Childhood obesity is on the rise. The cause could be due to the increase in sedentary lifestyles our children are now leading. Video games, computer games and television have replaced the activities that required physical activity in childhood such as riding bikes, playing sports and other outdoor activities.
Today in many families both parents work and time is limited for meal planning and preparation for healthy and nutritious meals. Many times in the rush to get the children fed we simply purchase fast food or prepackaged meals which lack appropriate nutrition for our children. Our children buy fast foods at the snack bar or vending machine for lunch instead of bringing a healthy lunch from home.
All of these facts have led to the rise in childhood obesity and it is at epidemic proportions. In the United States alone studies have shown that 1 in 3 children are overweight. The physical effects of obesity can be devastating to our children’s health and well being both now and in the future.
Is Your Child at Risk?
Do you know your child’s weight? Have you taken a good look at your child recently to determine if they are putting on excess weight? Is your child physically active? It is time to evaluate whether your child is at risk for childhood obesity.
Obesity and being overweight is usually determined using the body mass index (BMI) which is calculated using their height and weight. There are charts available to get the BMI or you can calculate it on your own. To calculate the BMI divide your child’s weight in pounds, by their height in inches squared and multiply the result by the conversion factor of 703 or use a BMI calculator, many are available on the internet. Then using a standard BMI chart you can determine if your child is overweight.
If you have noticed weight gain in your child speak to your child’s pediatrician to rule out any medical reason for the weight gain. There are many medical conditions that could cause your child to be gaining weight and your doctor can evaluate your child to determine if further tests are necessary to rule out possible medical causes for weight gain. Ask the doctor for recommended nutrition and exercise for your child’s age and ability. Determine what your child’s appropriate weight should be and make a plan to reach that goal. Work with your child’s physician for safe healthy weight loss planning.
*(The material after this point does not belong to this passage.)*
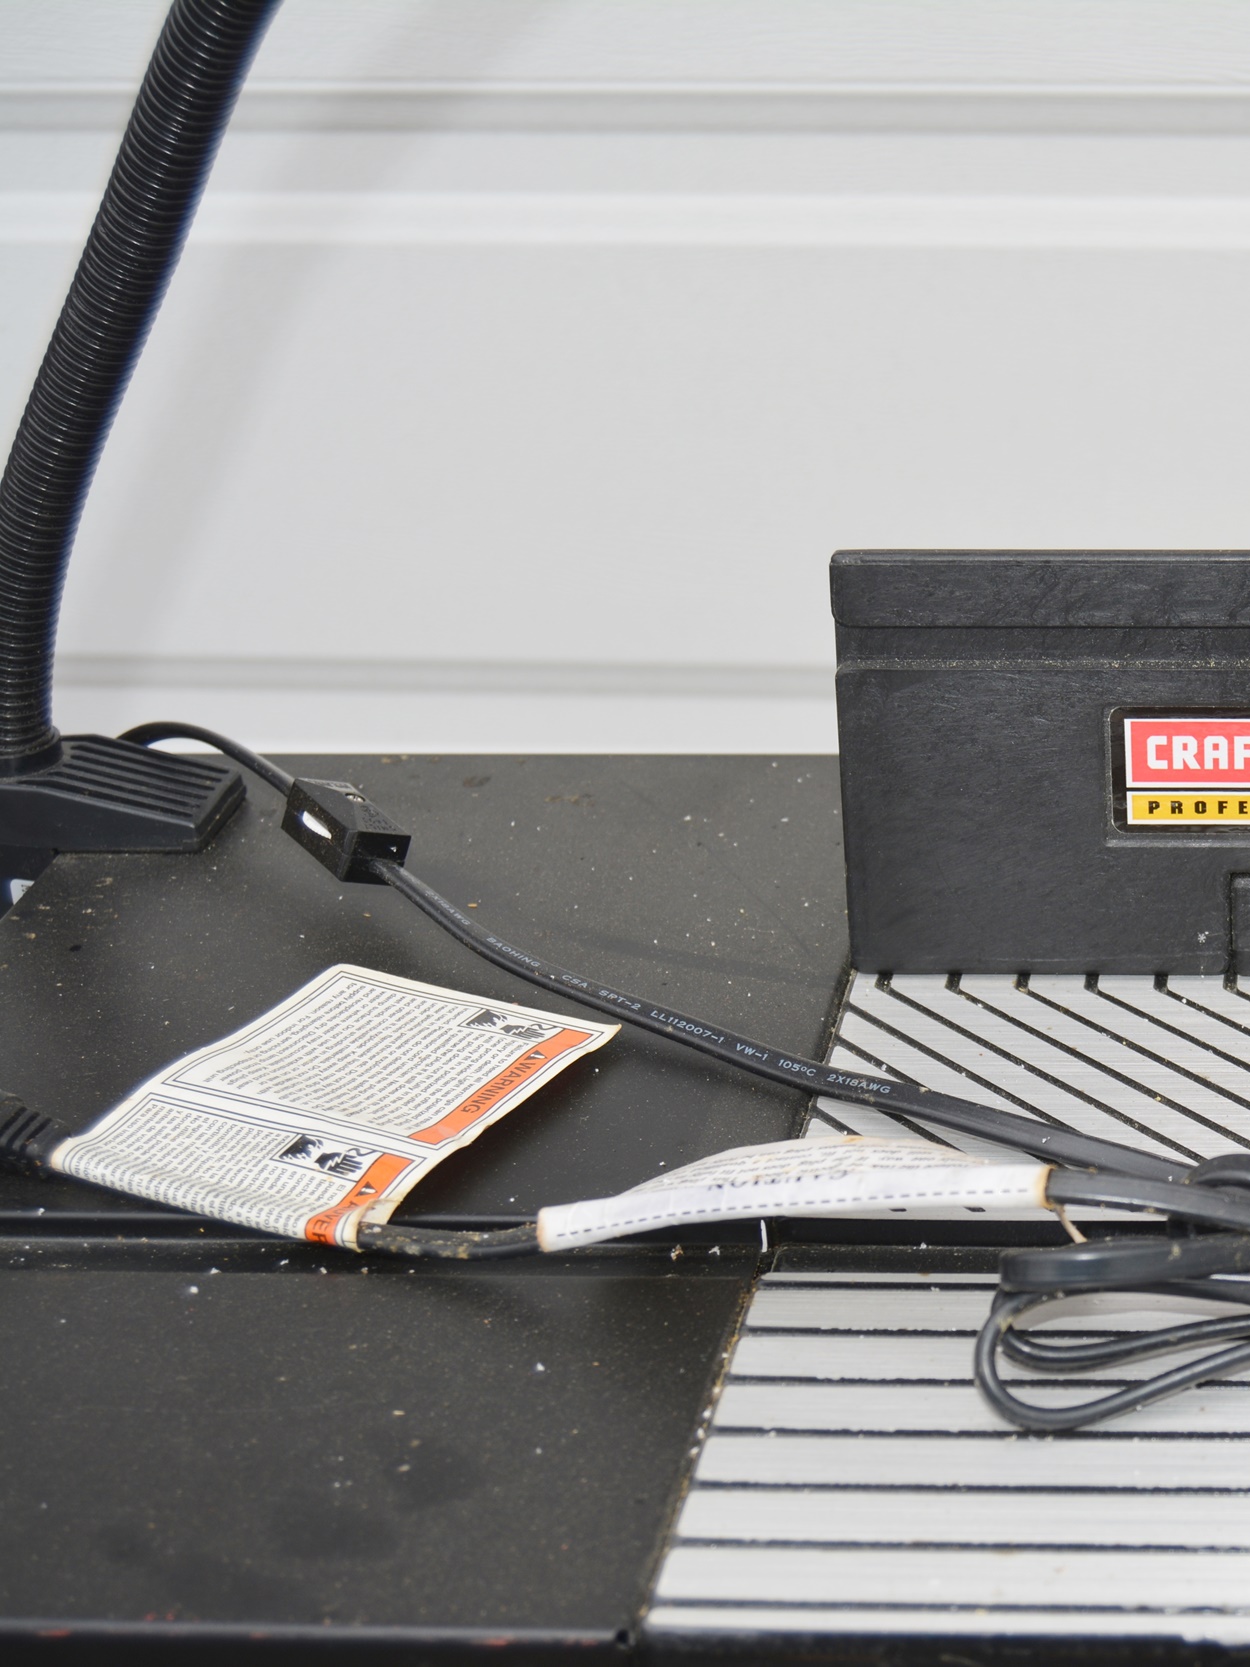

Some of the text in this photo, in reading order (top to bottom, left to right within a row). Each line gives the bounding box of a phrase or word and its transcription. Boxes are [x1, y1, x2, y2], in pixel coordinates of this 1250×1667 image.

Childhood Obesity Can Carry to Adulthood
The physical effects that obesity has on our children can lead to serious health issues both in childhood and continue through their adult years. Many studies have shown that children who are overweight before the age of 8 years are at a much higher risk of serious health complications related to obesity in their adult years. Childhood obesity places your child at risk for serious illness such as diabetes, sleep apnea, respiratory conditions such as asthma are more complicated, cardiovascular disease, elevated blood pressure and cholesterol and other serious conditions that will follow them as they grow.
Childhood obesity not only affects a child’s physical health it can also take its toll on your child’s emotional state. They are often teased and ridiculed leading to low self esteem, decreased confidence and depression or social isolation.
Take Action to Prevent Childhood Obesity
As a parent you need to take responsibility for your child’s health and lead by example. Parents can help prevent their children from suffering the effects of obesity by setting a good example for their children, adapting necessary changes in the families eating and exercise plans to teach them to lead healthy lifestyles.
Meal planning can be difficult in a busy schedule but there are some simple things you can do to improve your child’s nutrition. Avoid having unhealthy sodas in the home; instead keep water and healthy juices well stocked in the refrigerator. Do not purchase unhealthy snack foods to have in the home. Instead of cookies and chips for afterschool snacks instead have fruits or vegetables available. Read the labels at the market and purchase foods that offer a higher nutritional value for your children. Make sure your child gets a good multivitamin.
Plan your weekend activities that involve the whole family for some physical activity. A family bike ride or picnic in the park with a sport the family enjoys together. Get your family out for a camping trip with swimming, water skis, boating and hiking. Even if your weekdays are full, you have some time on the weekends to get your child active and help prevent childhood obesity. Time together as a family is not only great for bonding with your children but it can be healthy as well.